Reproduce every record exactly.

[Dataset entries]
__________
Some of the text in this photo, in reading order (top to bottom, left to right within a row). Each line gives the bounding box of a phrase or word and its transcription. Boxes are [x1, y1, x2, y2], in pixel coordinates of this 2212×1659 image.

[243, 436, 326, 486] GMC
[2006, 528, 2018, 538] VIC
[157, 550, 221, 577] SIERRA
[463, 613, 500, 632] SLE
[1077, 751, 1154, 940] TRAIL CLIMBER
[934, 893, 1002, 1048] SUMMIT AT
__________
# [ANSWER BOX]
Some of the text in this photo, in reading order (top to bottom, left to right within a row). Each line gives the bounding box of a phrase or word and its transcription. Boxes are [x1, y1, x2, y2], in pixel coordinates of this 2212×1659 image.

[243, 436, 326, 486] GMC
[2006, 528, 2018, 538] VIC
[157, 550, 221, 577] SIERRA
[463, 613, 500, 632] SLE
[1077, 751, 1154, 940] TRAIL CLIMBER
[934, 893, 1002, 1048] SUMMIT AT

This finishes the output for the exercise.